§ How to complete this task:
Go through the listing below and repeat it exactly, dropping the pictures.

§ Information:
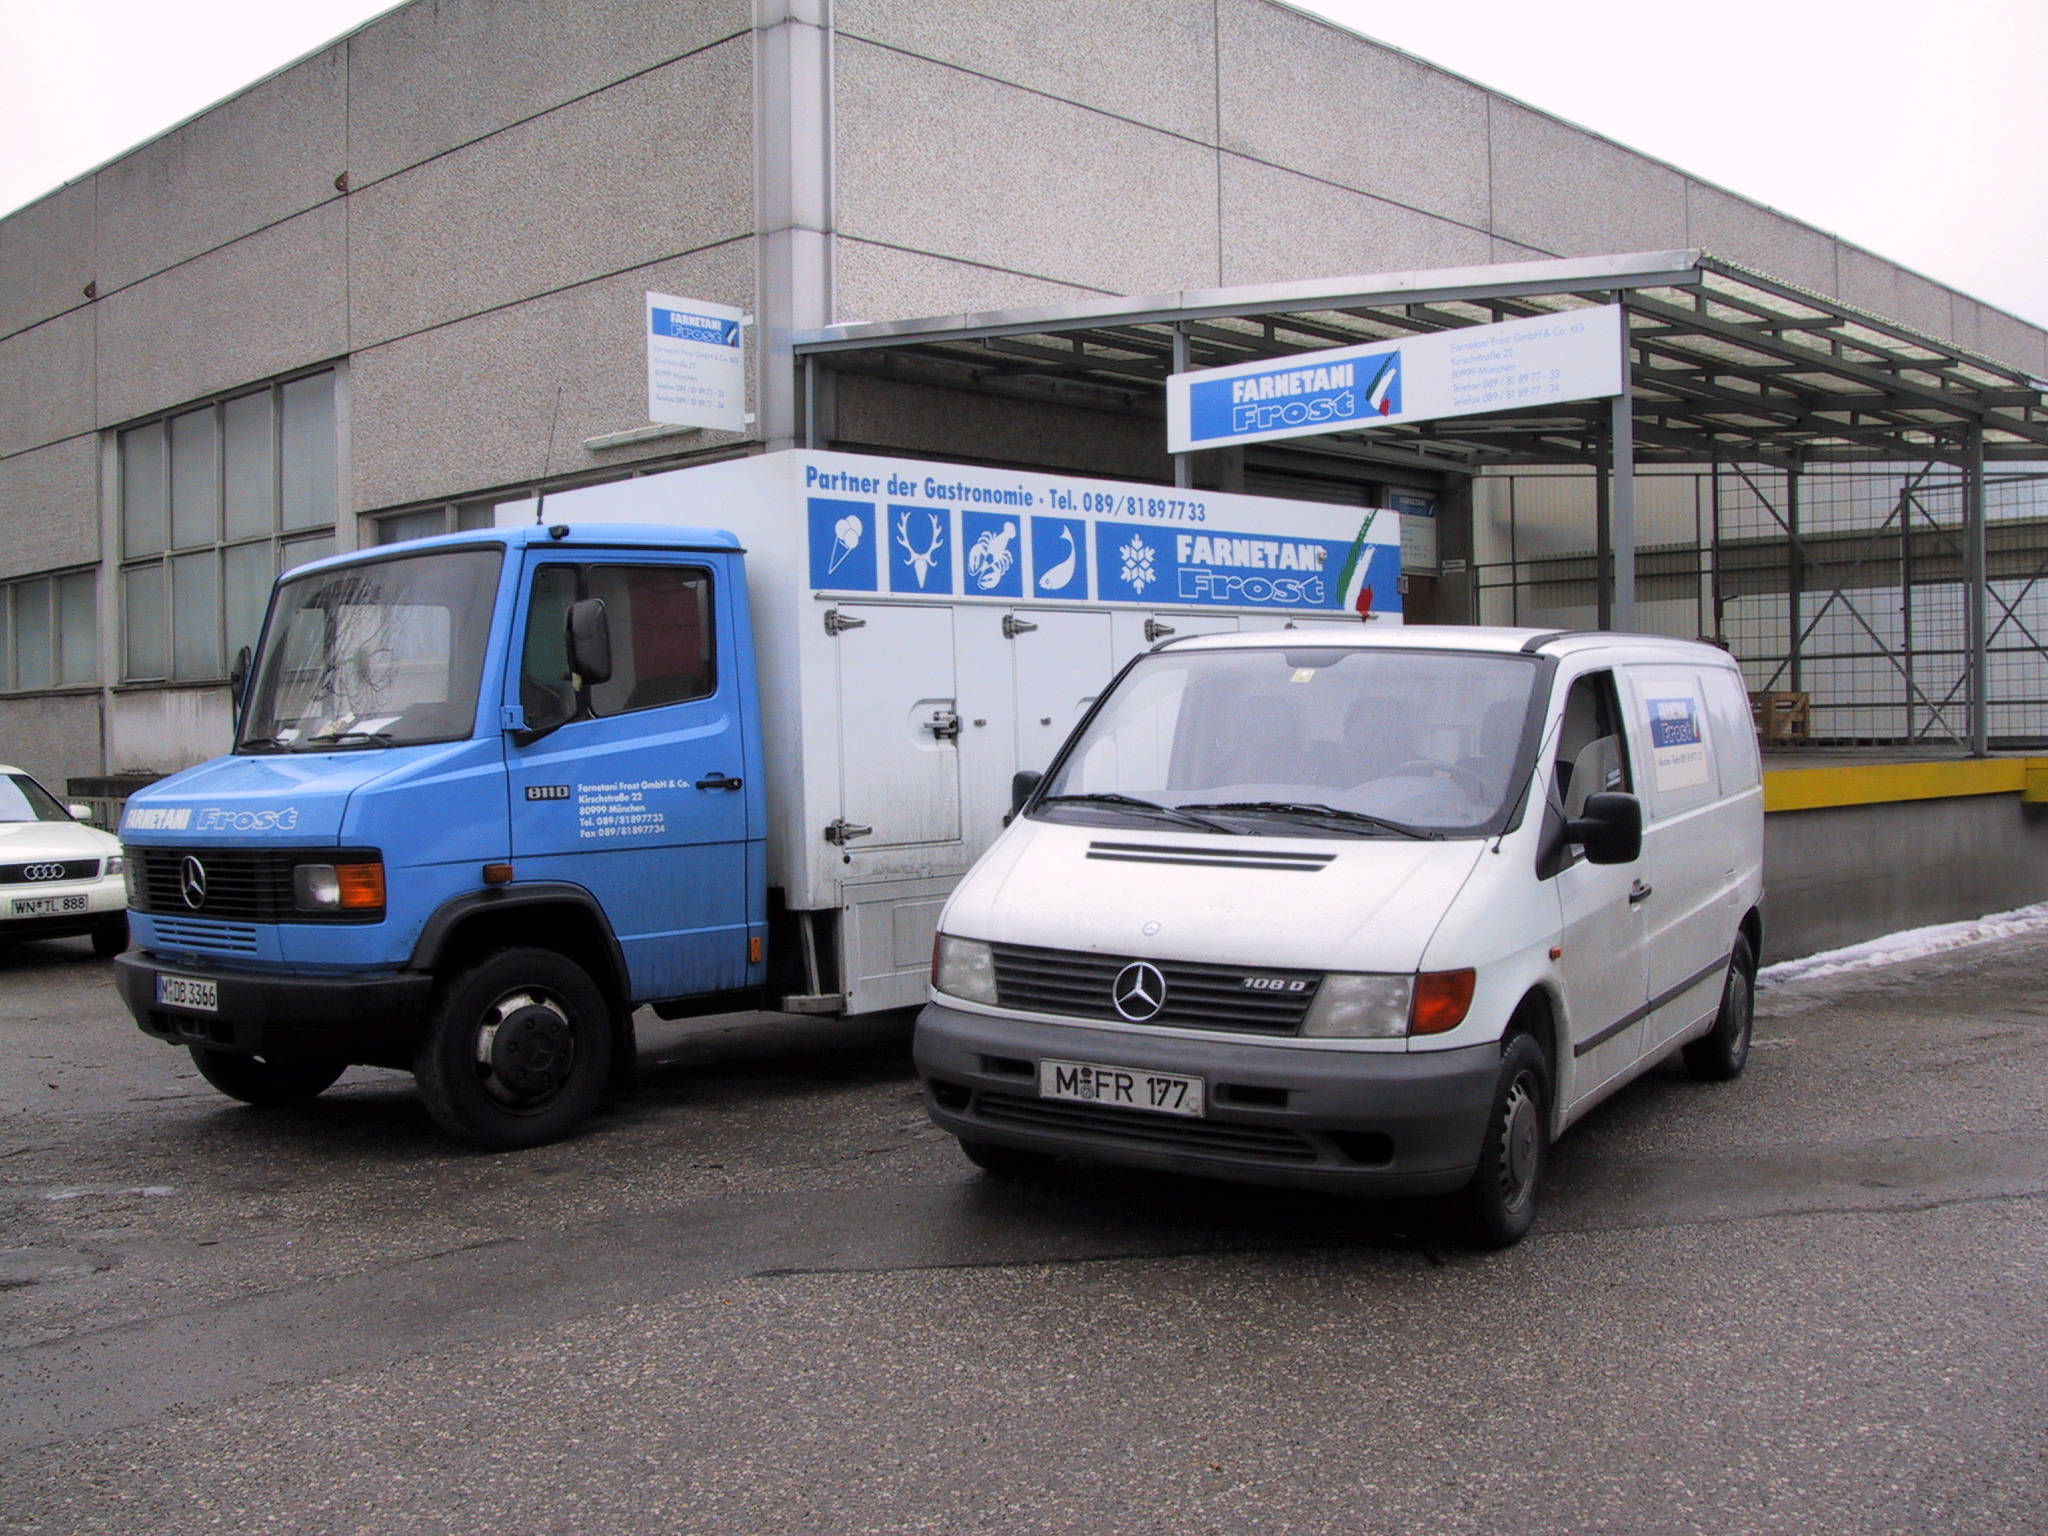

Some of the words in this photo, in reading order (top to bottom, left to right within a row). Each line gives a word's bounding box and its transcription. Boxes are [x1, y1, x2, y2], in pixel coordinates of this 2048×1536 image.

[670, 312, 722, 331] FARNETANI
[670, 324, 722, 342] Frost
[1512, 329, 1542, 343] GmbH
[1543, 328, 1551, 338] &
[1570, 322, 1585, 333] KG
[1502, 347, 1514, 359] 22
[1232, 362, 1355, 404] FARNETANI
[1481, 377, 1499, 389] 089
[1549, 368, 1561, 380] 33
[1481, 391, 1499, 403] 089
[1232, 389, 1355, 432] Frost
[806, 465, 880, 494] Partner
[887, 473, 918, 498] der
[924, 477, 1034, 507] Gastronomie
[1049, 488, 1078, 511] Tel.
[1083, 491, 1206, 522] 089/81897733
[1176, 534, 1325, 572] FARNETANI
[1178, 567, 1325, 604] Frost
[578, 782, 618, 793] Farnetani
[619, 781, 640, 791] Frost
[641, 780, 667, 790] GmbH
[668, 779, 676, 788] &
[677, 779, 691, 788] Co.
[579, 792, 630, 804] Kirschstraße
[631, 792, 643, 802] 22
[125, 809, 192, 830] FARNETANI
[197, 806, 298, 831] Frost
[579, 806, 607, 816] 80999
[609, 804, 646, 814] München
[580, 817, 595, 827] Tel.
[596, 813, 664, 826] 089/81897733
[580, 829, 596, 839] Fax
[597, 825, 666, 838] 089/81897734
[62, 898, 86, 910] 888
[1243, 978, 1285, 991] 108
[1288, 980, 1305, 992] D
[188, 982, 217, 1008] 3366
[1147, 1077, 1189, 1109] 177
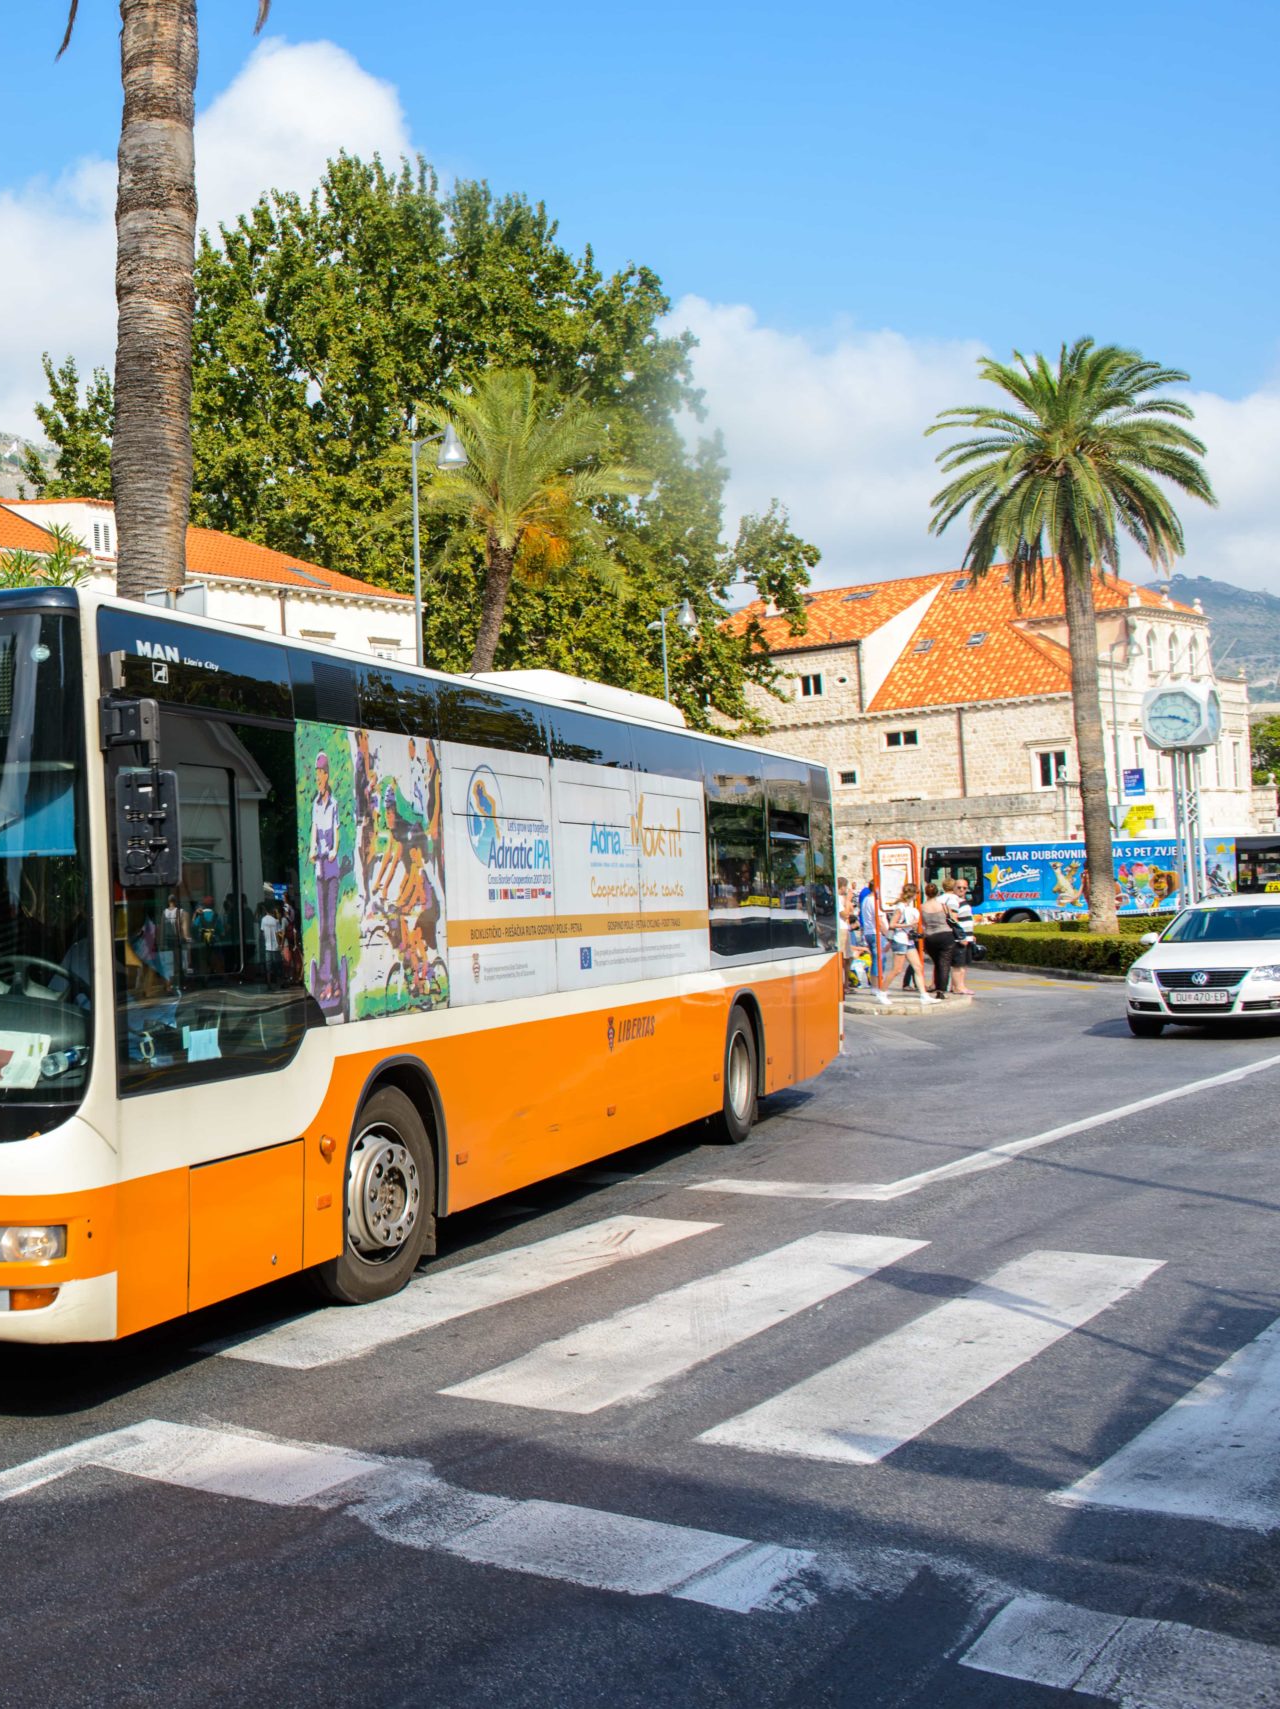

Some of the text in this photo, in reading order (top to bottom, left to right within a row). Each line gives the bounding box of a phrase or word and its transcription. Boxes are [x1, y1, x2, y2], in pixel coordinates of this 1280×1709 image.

[136, 640, 180, 663] MAN
[204, 661, 220, 672] City
[488, 836, 551, 870] Adriatic IPA
[1031, 849, 1087, 861] DUBROVNIK
[1124, 847, 1132, 857] S
[1133, 846, 1152, 857] PET
[590, 875, 638, 907] Cooperation
[1175, 993, 1187, 1002] DU
[618, 1016, 656, 1043] LIBERTAS

§ Answer below:
Some of the words in this photo, in reading order (top to bottom, left to right within a row). Each line gives a word's bounding box and its transcription. Boxes are [x1, y1, x2, y2], in pixel coordinates of this 2048×1536 image.

[670, 312, 722, 331] FARNETANI
[670, 324, 722, 342] Frost
[1512, 329, 1542, 343] GmbH
[1543, 328, 1551, 338] &
[1570, 322, 1585, 333] KG
[1502, 347, 1514, 359] 22
[1232, 362, 1355, 404] FARNETANI
[1481, 377, 1499, 389] 089
[1549, 368, 1561, 380] 33
[1481, 391, 1499, 403] 089
[1232, 389, 1355, 432] Frost
[806, 465, 880, 494] Partner
[887, 473, 918, 498] der
[924, 477, 1034, 507] Gastronomie
[1049, 488, 1078, 511] Tel.
[1083, 491, 1206, 522] 089/81897733
[1176, 534, 1325, 572] FARNETANI
[1178, 567, 1325, 604] Frost
[578, 782, 618, 793] Farnetani
[619, 781, 640, 791] Frost
[641, 780, 667, 790] GmbH
[668, 779, 676, 788] &
[677, 779, 691, 788] Co.
[579, 792, 630, 804] Kirschstraße
[631, 792, 643, 802] 22
[125, 809, 192, 830] FARNETANI
[197, 806, 298, 831] Frost
[579, 806, 607, 816] 80999
[609, 804, 646, 814] München
[580, 817, 595, 827] Tel.
[596, 813, 664, 826] 089/81897733
[580, 829, 596, 839] Fax
[597, 825, 666, 838] 089/81897734
[62, 898, 86, 910] 888
[1243, 978, 1285, 991] 108
[1288, 980, 1305, 992] D
[188, 982, 217, 1008] 3366
[1147, 1077, 1189, 1109] 177

Some of the text in this photo, in reading order (top to bottom, left to right within a row). Each line gives the bounding box of a phrase or word and its transcription. Boxes are [x1, y1, x2, y2], in pixel coordinates of this 1280×1709 image.

[136, 640, 180, 663] MAN
[204, 661, 220, 672] City
[488, 836, 551, 870] Adriatic IPA
[1031, 849, 1087, 861] DUBROVNIK
[1124, 847, 1132, 857] S
[1133, 846, 1152, 857] PET
[590, 875, 638, 907] Cooperation
[1175, 993, 1187, 1002] DU
[618, 1016, 656, 1043] LIBERTAS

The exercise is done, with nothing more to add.